Ad blocking also reduces page load time and saves bandwidth for the users. Users who pay for total transferred bandwidth ("capped" or pay-for-usage connections) including most mobile users worldwide have a direct financial benefit from filtering an ad before it is loaded. Using an ad blocker is a common method of improving internet speeds. Analysis of the 200 most popular news sites (as ranked by Alexa) in 2015 showed that Mozilla Firefox Tracking Protection lead to 39% reduction in data usage and 44% median reduction in page load time. According to research performed by The New York Times, ad blockers reduced data consumption and sped upload time by more than half on 50 news sites, including their own. Journalists concluded that "visiting the home page of Boston.com (the site with most ad data in the study) every day for a month would cost the equivalent of about $9.50 in data usage just for the ads".
It is a known problem with most web browsers, including Firefox, that restoring sessions often plays multiple embedded ads at once. However, this annoyance can easily be averted simply by setting the web browser to clear all cookies and browsing-history information each time the browser software is closed. Another preventive option is to use a script blocker, which enables the user to disable all scripts and then to selectively re-enable certain scripts as desired, in order to determine the role of each script. The user thus can very quickly learn which scripts are truly necessary (from the standpoint of webpage functionality) and consequently which sources of scripts are undesirable, and this insight is helpful in visiting other websites in general. Thus by precisely controlling which scripts are run in each webpage viewed, the user retains full control over what happens on his/her computer CPU and computer screen.

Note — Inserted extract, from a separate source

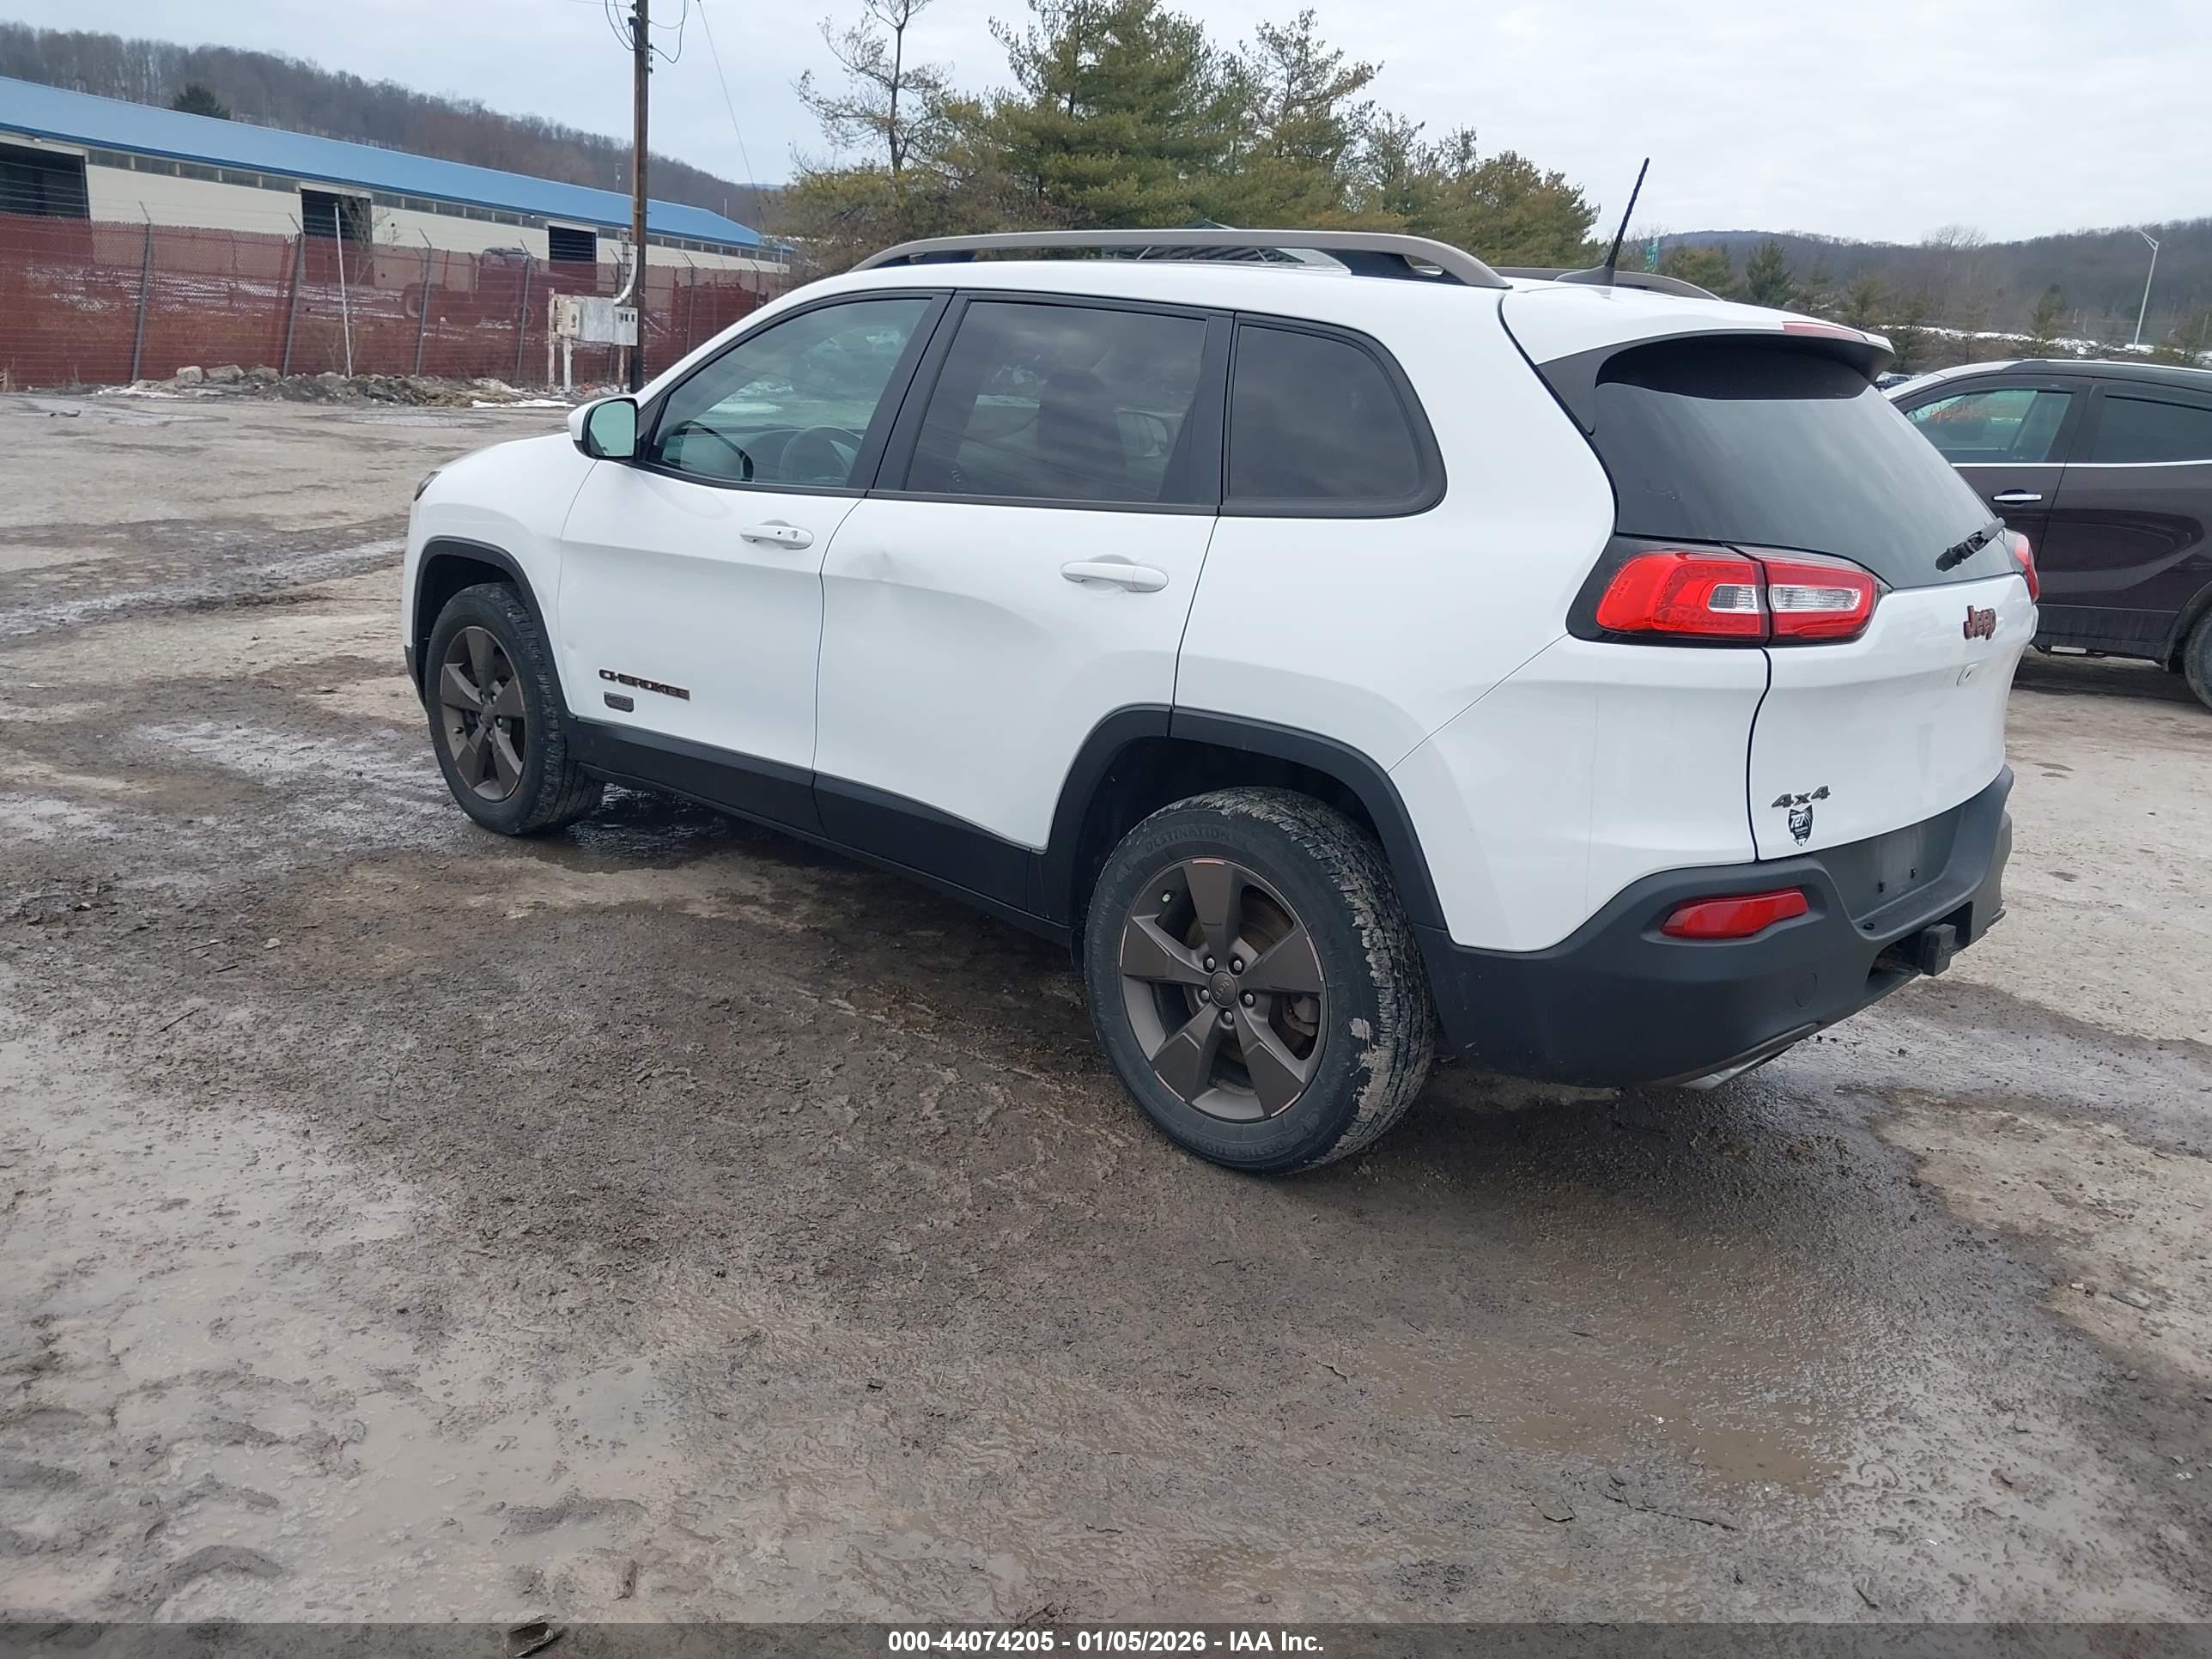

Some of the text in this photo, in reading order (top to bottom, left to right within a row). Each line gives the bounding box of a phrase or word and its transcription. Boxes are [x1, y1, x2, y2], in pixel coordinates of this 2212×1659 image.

[1964, 605, 1996, 641] Jeep
[599, 669, 690, 702] CHEROKEE
[1771, 785, 1831, 808] 4x4

None to date, only the withdrawal of the benefits detailed above.
Use of mobile and desktop ad blocking software designed to remove traditional advertising grew by 41% worldwide and by 48% in the U.S. between Q2 2014 and Q2 2015. As of Q2 2015, 45 million Americans were using ad blockers. In a survey research study released Q2 2016, MetaFacts reported 72 million Americans, 12.8 million adults in the UK, and 13.2 million adults in France were using ad blockers on their PCs, smartphones, or tablet computers. In March 2016, the Internet Advertising Bureau reported that UK adblocking was already at 22% among people over 18 years old. As of 2019, 25.8% of US internet users use ad blocking software, up from 24.9% in the previous year.
One method of filtering is simply to block (or prevent autoplay of) Flash animation or image loading or Microsoft Windows audio and video files. This can be done in most browsers easily and also improves security and privacy. This crude technological method is refined by numerous browser extensions. Every web browser handles this task differently, but, in general, one alters the options, preferences or application extensions to filter specific media types. An additional add-on is usually required to differentiate between ads and non-ads using the same technology, or between wanted and unwanted ads or behaviours.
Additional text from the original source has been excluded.